§ **TASK DETAILS**:
Every line from the one containing "this 1500×1000 image." to the end of the listing below should be transcribed exactly, and no line outside that span should appear.

START EXCERPTED RECORDS

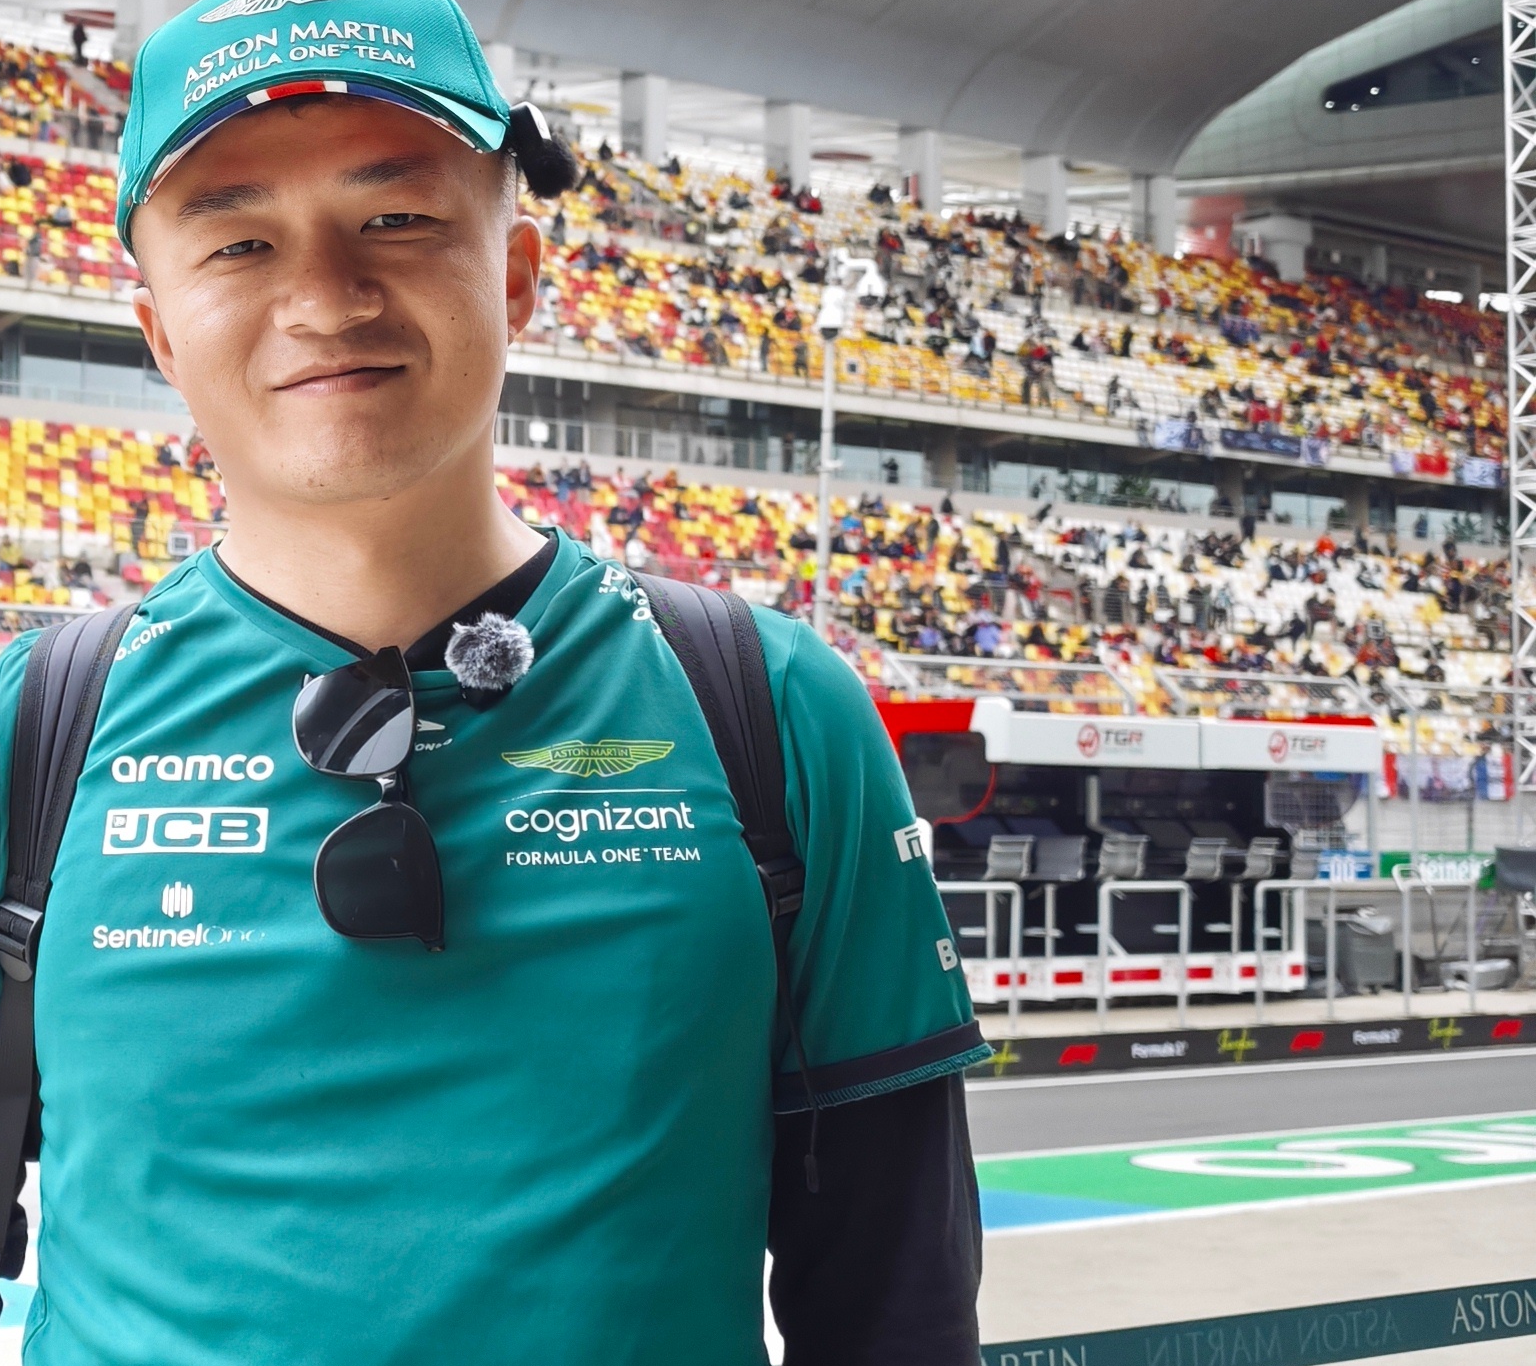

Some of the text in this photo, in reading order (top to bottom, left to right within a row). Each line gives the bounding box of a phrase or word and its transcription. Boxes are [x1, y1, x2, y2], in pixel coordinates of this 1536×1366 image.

[183, 19, 414, 91] ASTON MARTIN
[183, 52, 282, 111] FORMULA
[354, 45, 416, 68] TEAM
[111, 754, 275, 783] aramco
[552, 746, 629, 758] ASTON MARTIN
[110, 812, 261, 849] JCB
[505, 800, 694, 842] cognizant
[506, 850, 597, 866] FORMULA
[651, 847, 701, 862] TEAM
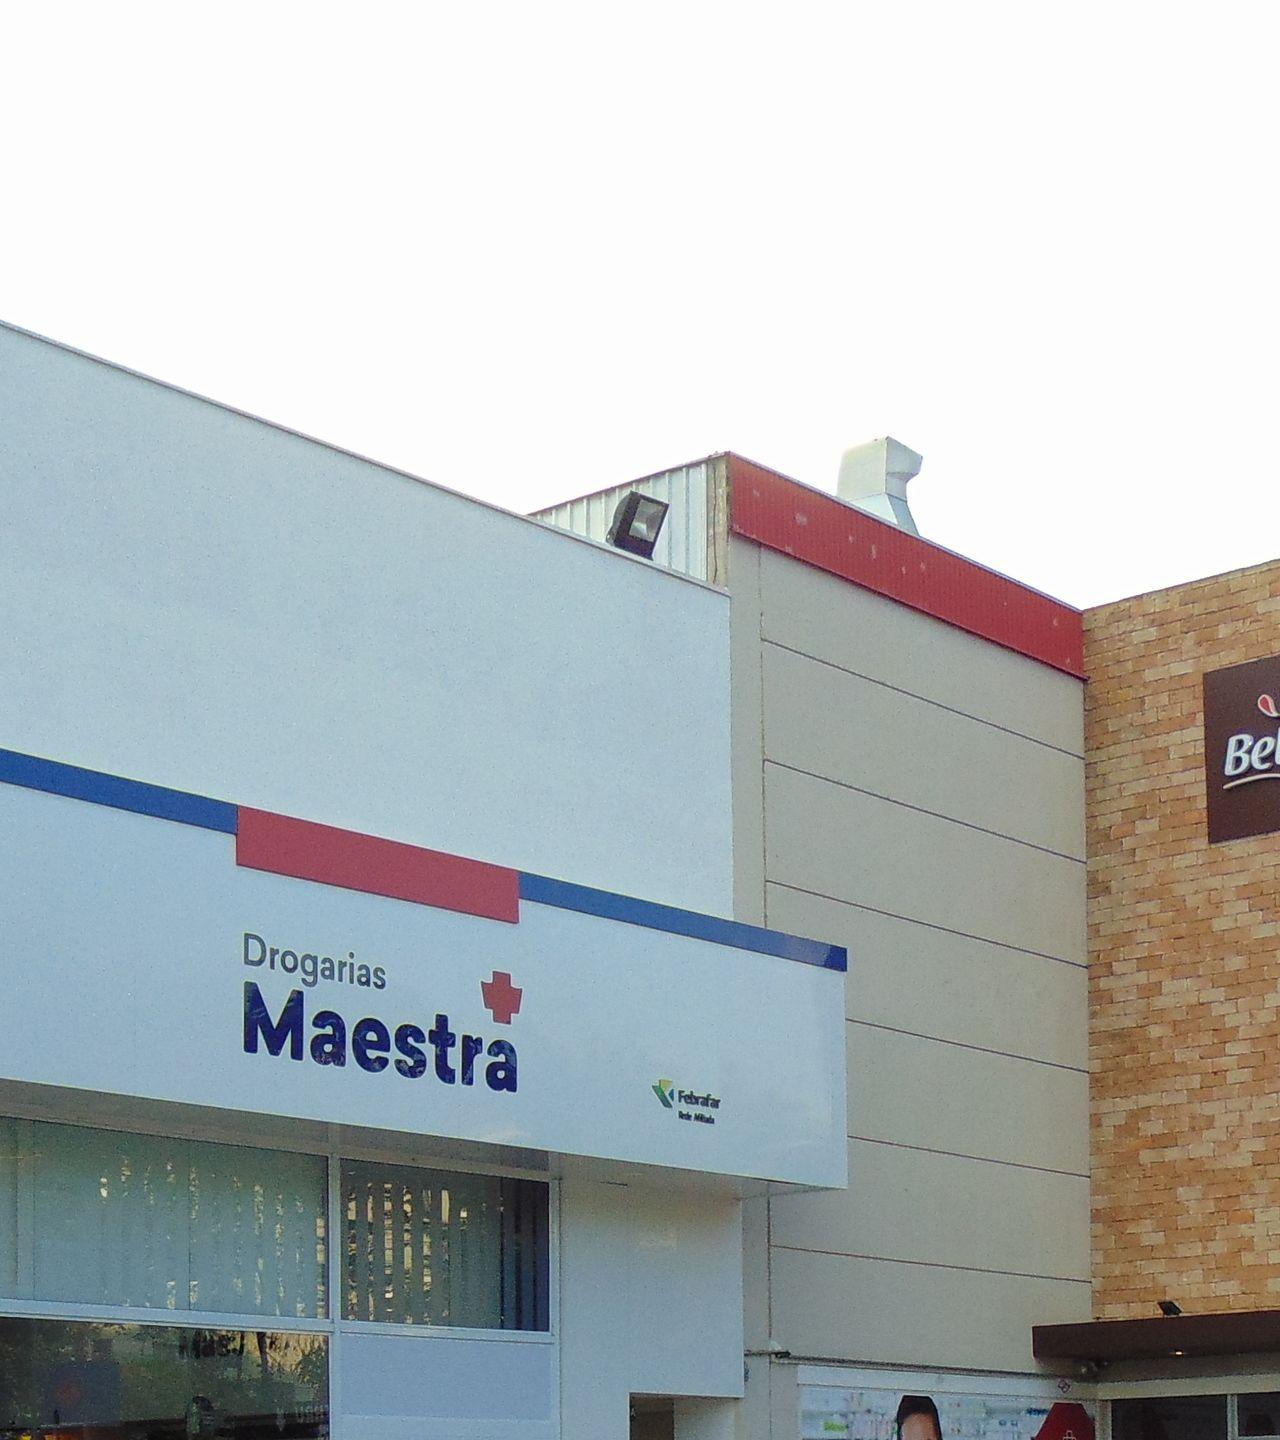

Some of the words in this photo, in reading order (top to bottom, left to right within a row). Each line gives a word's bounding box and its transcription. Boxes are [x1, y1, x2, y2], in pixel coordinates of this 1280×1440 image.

[243, 932, 386, 989] Drogarias
[243, 981, 518, 1093] Maestra
[678, 1090, 721, 1109] Febrafar
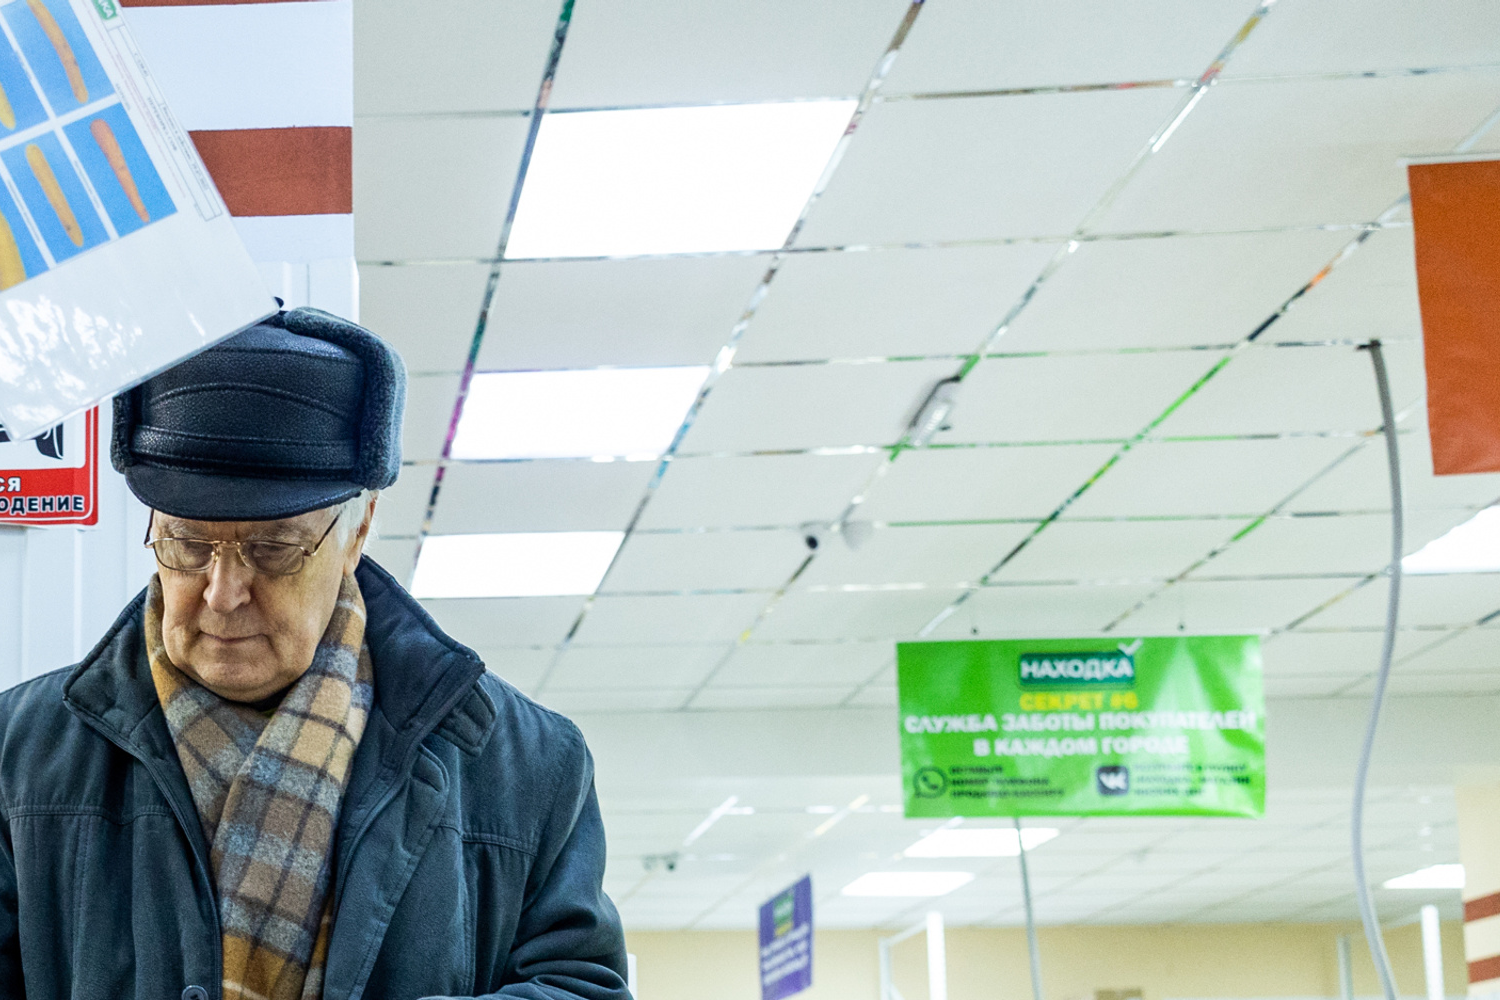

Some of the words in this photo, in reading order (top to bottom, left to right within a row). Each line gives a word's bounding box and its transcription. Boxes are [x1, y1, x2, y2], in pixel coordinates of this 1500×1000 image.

[1019, 656, 1134, 681] НАХОДКА
[1019, 691, 1104, 712] СЕКРЕТ
[904, 713, 998, 734] СЛУЖБА
[1001, 711, 1095, 732] ЗАБОТЫ
[1098, 710, 1257, 731] ПОКУПАТЕЛЕЙ
[973, 738, 991, 757] В
[994, 738, 1098, 758] КАЖДОМ
[1101, 735, 1189, 757] ГОРОДЕ

END EXCERPTED RECORDS

§ **WRITTEN RESPONSE**:
Some of the words in this photo, in reading order (top to bottom, left to right within a row). Each line gives a word's bounding box and its transcription. Boxes are [x1, y1, x2, y2], in pixel coordinates of this 1500×1000 image.

[1019, 656, 1134, 681] НАХОДКА
[1019, 691, 1104, 712] СЕКРЕТ
[904, 713, 998, 734] СЛУЖБА
[1001, 711, 1095, 732] ЗАБОТЫ
[1098, 710, 1257, 731] ПОКУПАТЕЛЕЙ
[973, 738, 991, 757] В
[994, 738, 1098, 758] КАЖДОМ
[1101, 735, 1189, 757] ГОРОДЕ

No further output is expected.